Apologies if I am breaking any rules by cross-posting this, but I see the gaming community appears to be more active and, perhaps, my post is better suited here considering it is a gaming laptop.

 

Hello,

 

My laptop does not boot up following removal of primary NVME drive. I pulled my primary NVME to use in a new laptop and was planning on a fresh install of Windows onto the secondary now-turned primary HDD. However, the laptop does boot up at all- no BIOS, no boot from USB, nothing.

 

I tried powering it on with and without the battery connected, but to no avail. I tried removing any residual charge.

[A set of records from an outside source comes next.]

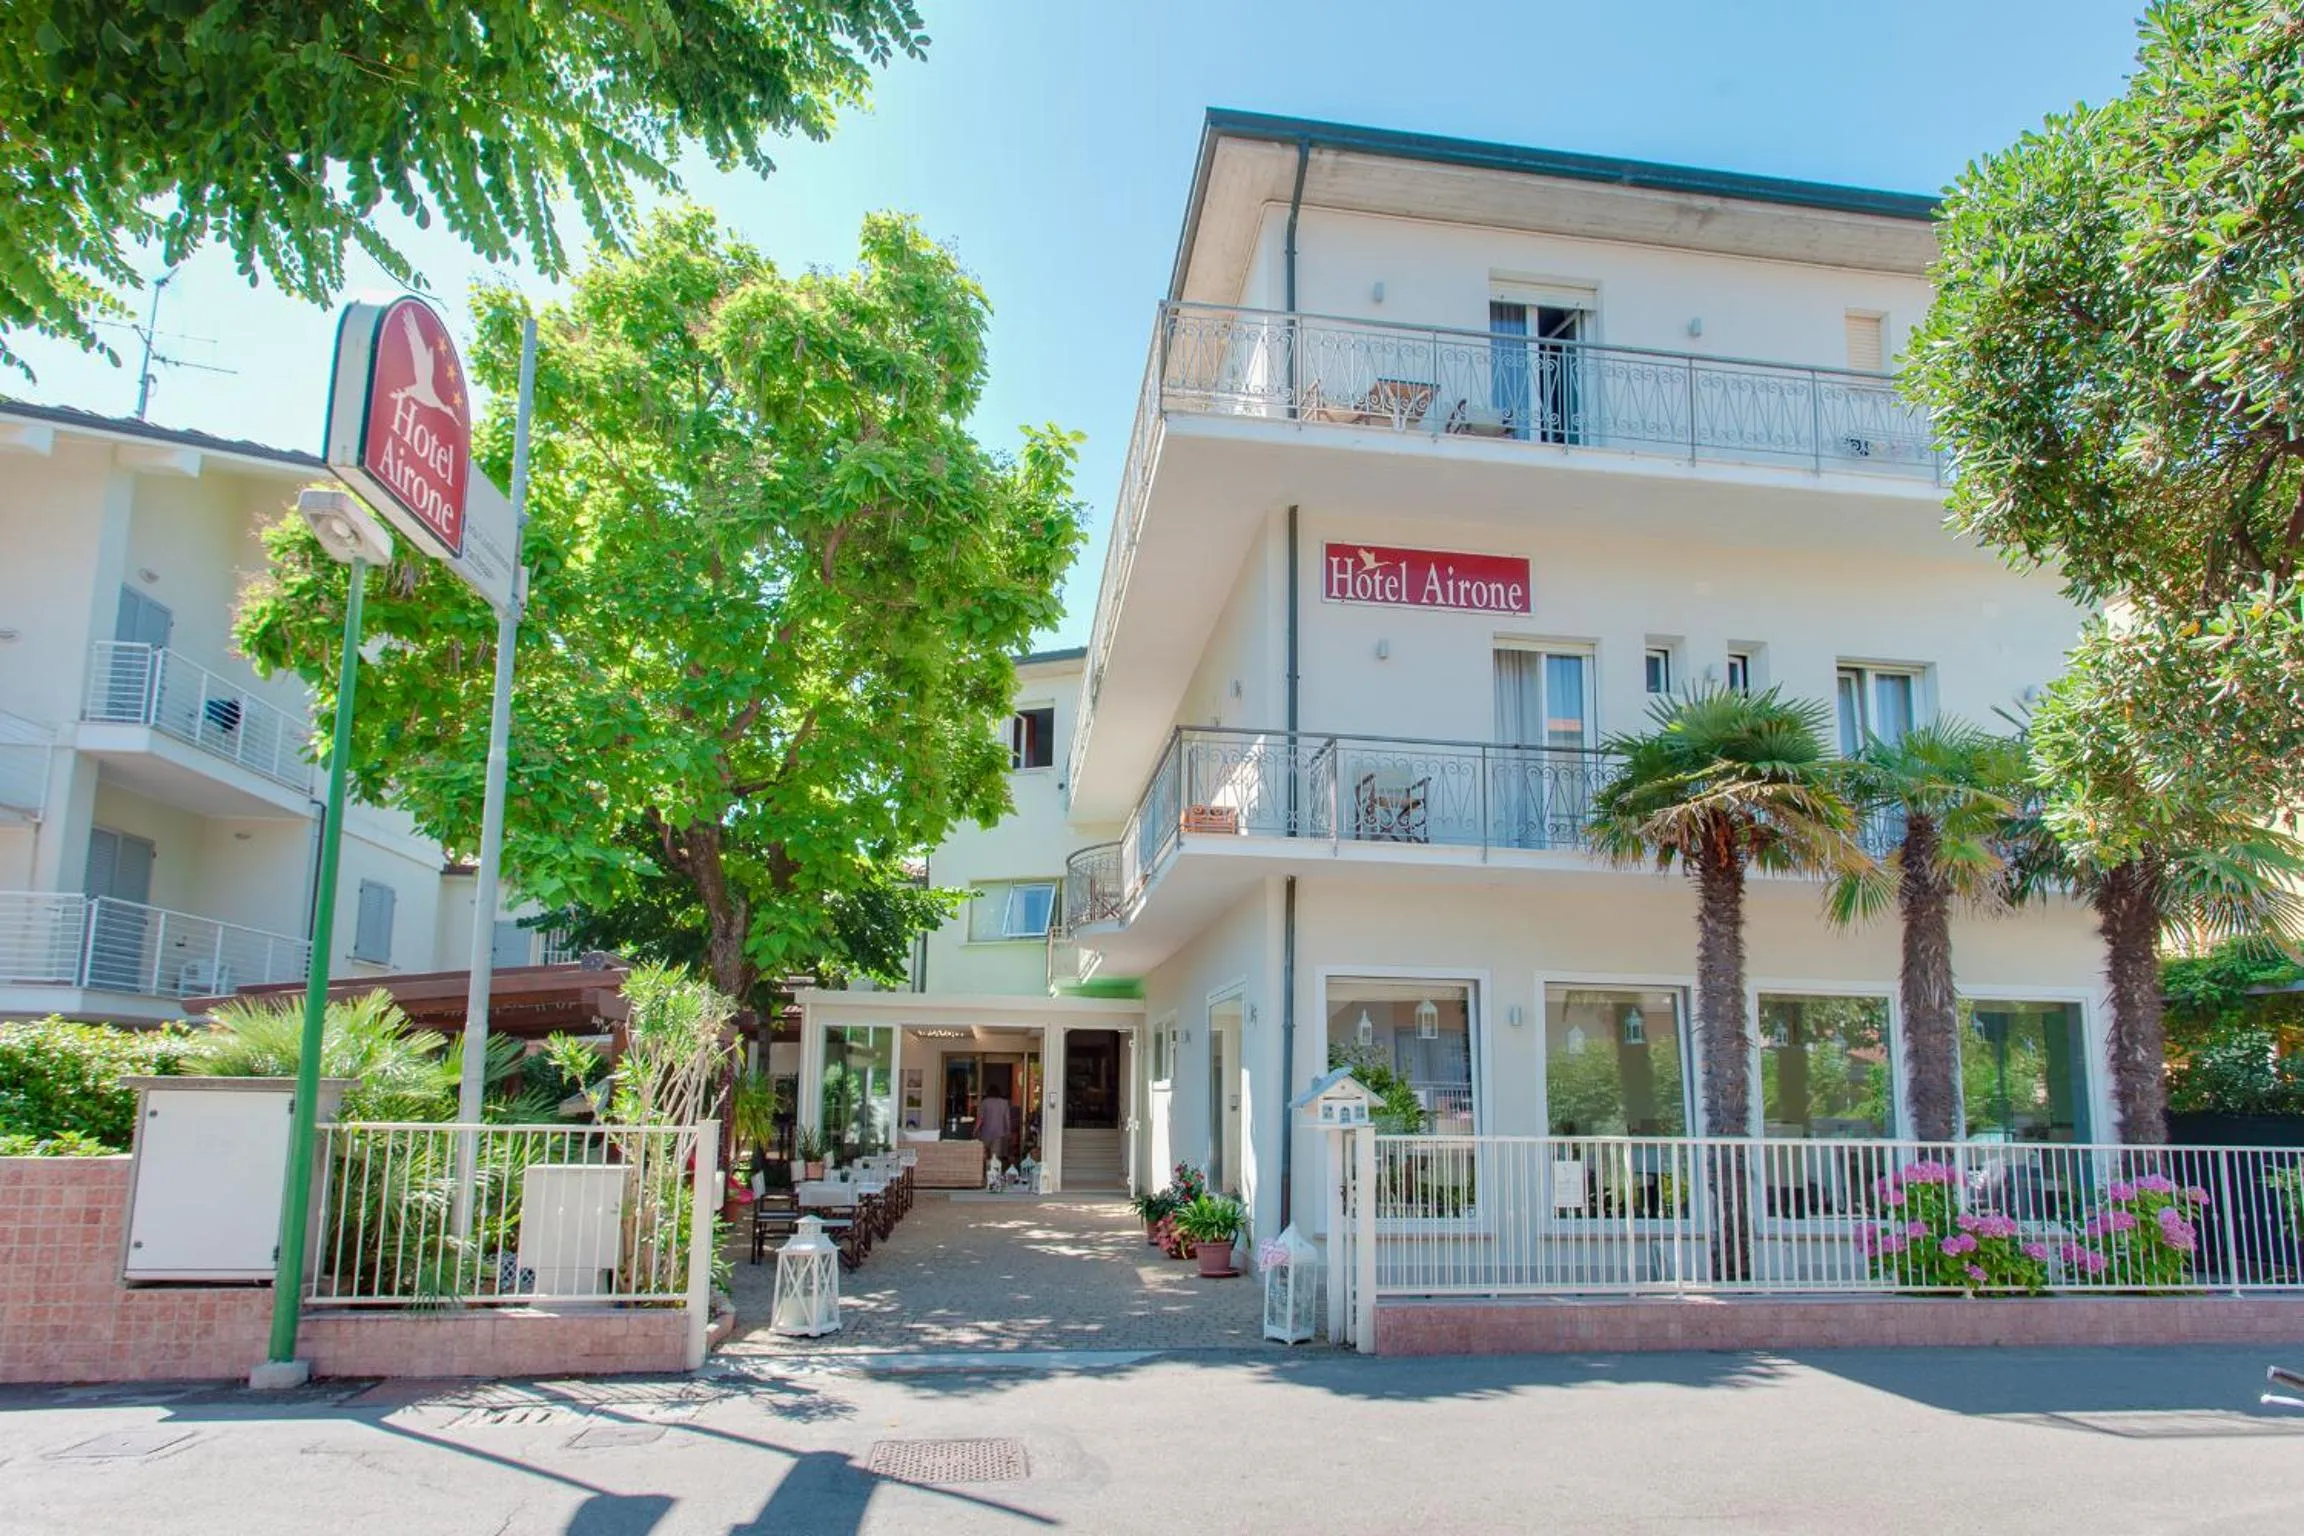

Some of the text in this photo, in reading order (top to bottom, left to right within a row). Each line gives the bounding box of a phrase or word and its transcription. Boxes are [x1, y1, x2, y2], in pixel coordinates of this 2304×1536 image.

[379, 436, 455, 535] Airone
[389, 397, 455, 488] Hotel
[1329, 556, 1523, 610] Hotel Airone
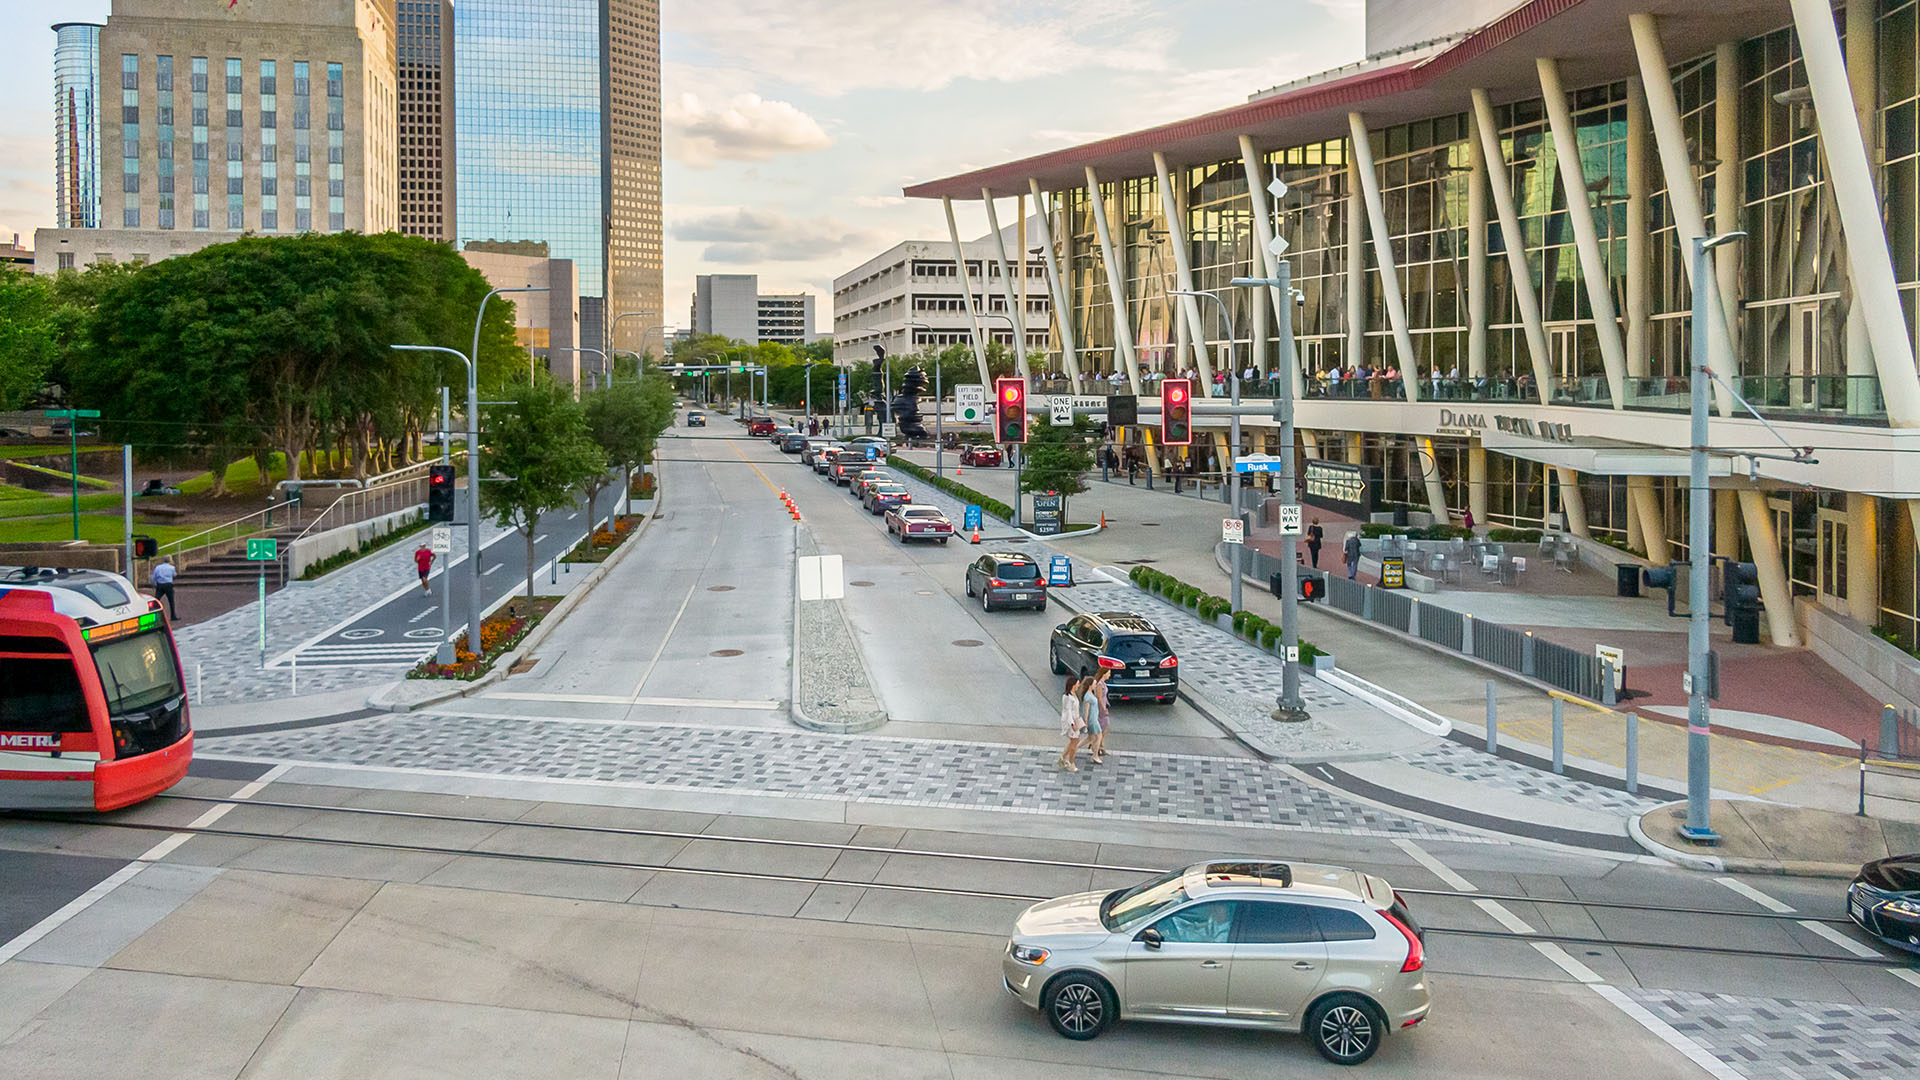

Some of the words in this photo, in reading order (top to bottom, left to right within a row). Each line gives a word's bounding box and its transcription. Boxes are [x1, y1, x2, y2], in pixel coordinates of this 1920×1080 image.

[1053, 397, 1070, 406] ONE
[1053, 406, 1071, 414] WAY
[1439, 408, 1488, 429] DIANA
[1247, 463, 1269, 471] Rusk
[1282, 507, 1299, 515] ONE
[1282, 515, 1299, 523] WAY
[112, 605, 132, 616] 321
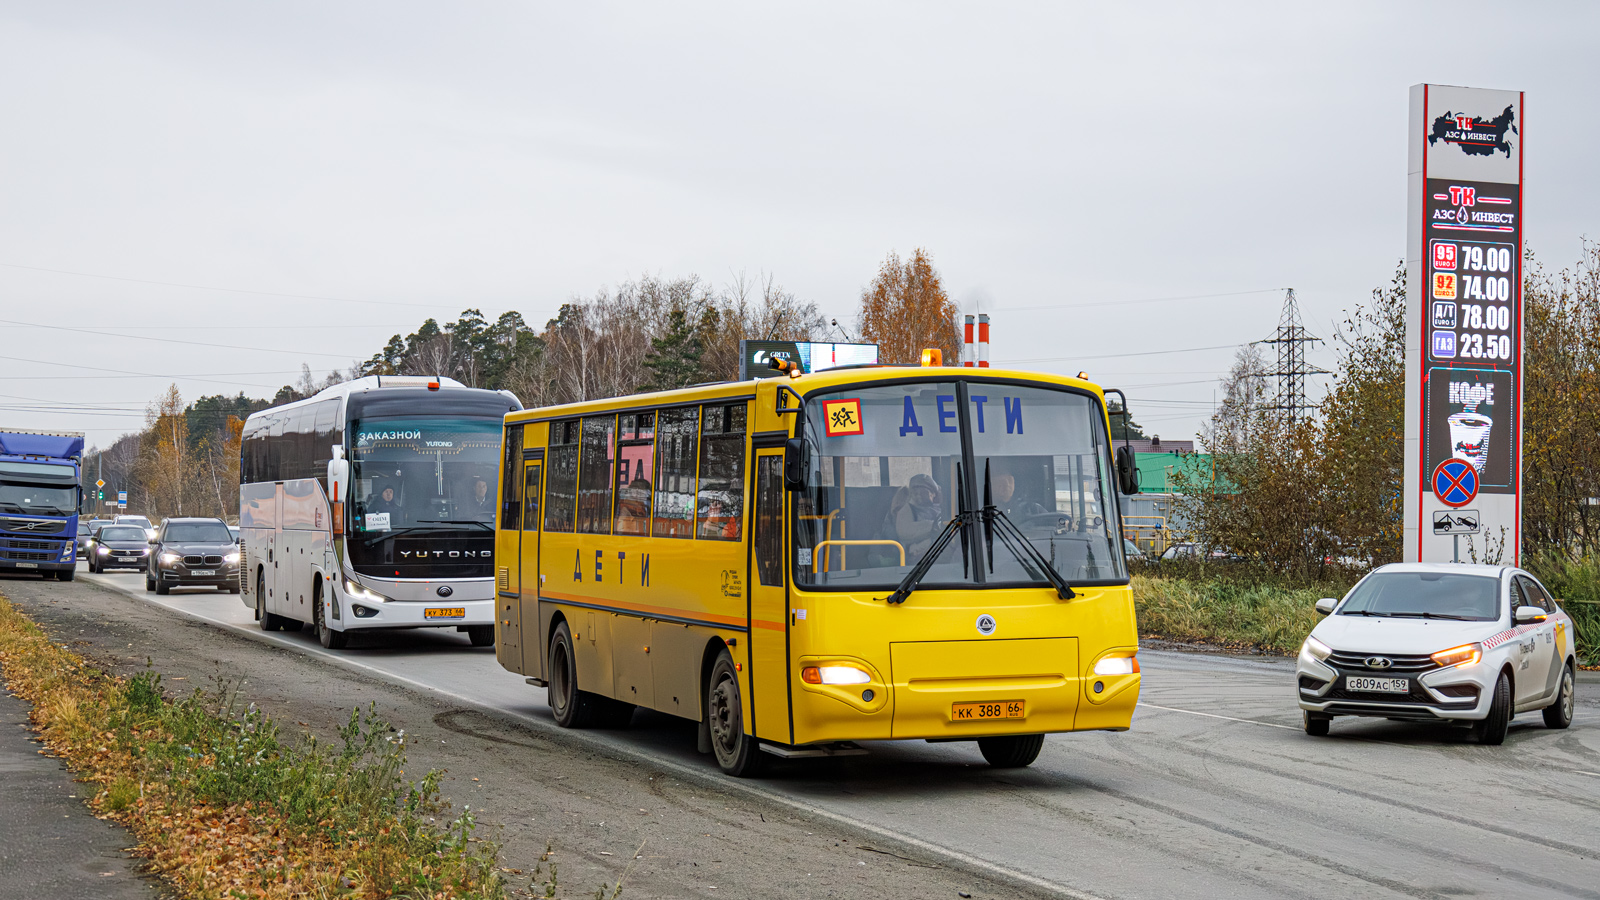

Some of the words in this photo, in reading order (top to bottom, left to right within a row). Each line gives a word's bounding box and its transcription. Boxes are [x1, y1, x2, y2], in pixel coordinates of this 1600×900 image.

[1456, 116, 1473, 130] ТК
[1445, 131, 1460, 139] АЗС
[1467, 133, 1497, 141] ИНВЕСТ
[1449, 186, 1475, 206] ТК
[1433, 209, 1456, 219] АЗС
[1471, 211, 1514, 223] ИНВЕСТ
[1437, 246, 1454, 261] 95
[1461, 246, 1510, 272] 79.00
[1437, 275, 1453, 289] 92
[1462, 275, 1509, 301] 74.00
[1461, 304, 1509, 330] 78.00
[1435, 338, 1453, 351] ГАЗ
[1460, 333, 1510, 360] 23.50
[1449, 381, 1494, 405] КОФЕ
[899, 395, 1024, 437] ДЕТИ
[359, 429, 421, 441] ЗАКАЗНОЙ
[400, 550, 492, 558] YUTONG
[574, 548, 650, 588] ДЕТИ
[1350, 678, 1389, 690] С809АС
[1390, 679, 1406, 689] 159
[958, 708, 973, 718] КК
[978, 704, 1002, 718] 388
[1008, 702, 1020, 713] 66

The power button does blink a pattern; 5-seconds on (red) then 3-sceonds (off/no light) and repeats until I power it down by pressing and holding the power button for 15-seconds.

 

I re-installed windows back onto the NVME and installed it back into the laptop thinking that might work... it did not. At this point, I am thinking maybe a CMOS battery replacement- if this has one because I cannot see it anywhere on the motherboard from taking the back panel off. Or if the CMOS is tied into the laptop's battery?

 

Any ideas?

 

Edit: I also wanted to note that the battery was starting to have problems. The laptop barely went over an hour off battery power (even at 100% new it barely stretched to two hours) and it would shutoff despite the battery indicating a charge (i.e. ranging from 10-30%). However, the battery would indicate 0% after powering the laptop back on via AC brick.

1 ACCEPTED SOLUTION

Accepted Solutions
HP Recommended

Greetings,

 

I thought it would be a good idea to post a solution in case anyone else has a similar problem.

 

I ran through the typical troubleshooting flow charts; BIOS, power discharge, RAM adjustments, check AC power, etc. 

 

I finally got it to power up when I removed the WiFi card and left everything else intact. I re-installed the WiFi card and, sure enough, it would not power on. I eventually replaced it with a new Killer WiFi 6 card and has been running fine.

 

I never thought that a faulty WiFi card would prevent my laptop from powering up, but glad it did not become an expensive paperweight. Obviously, YMMV.

 

 

View solution in original post

3 REPLIES 3
HP Recommended

@I-San Welcome to HP Community!

 

I understand that the laptop will not turn on.

 

In that case, I would suggets you contact our phone support and check for the support option. They will help you.

 

Or you can contact the local service center for repair.

 

Here is how you can get in touch with phone support.

 

 

1)Click on this link - www.hp.com/contacthp/

 

2)Select the product type.

 

3)Enter the serial number of your device or select let HP detect your product option.

 

4)Select the country from the drop-down.

 

5)You should see the HP phone support number or Chat option listed.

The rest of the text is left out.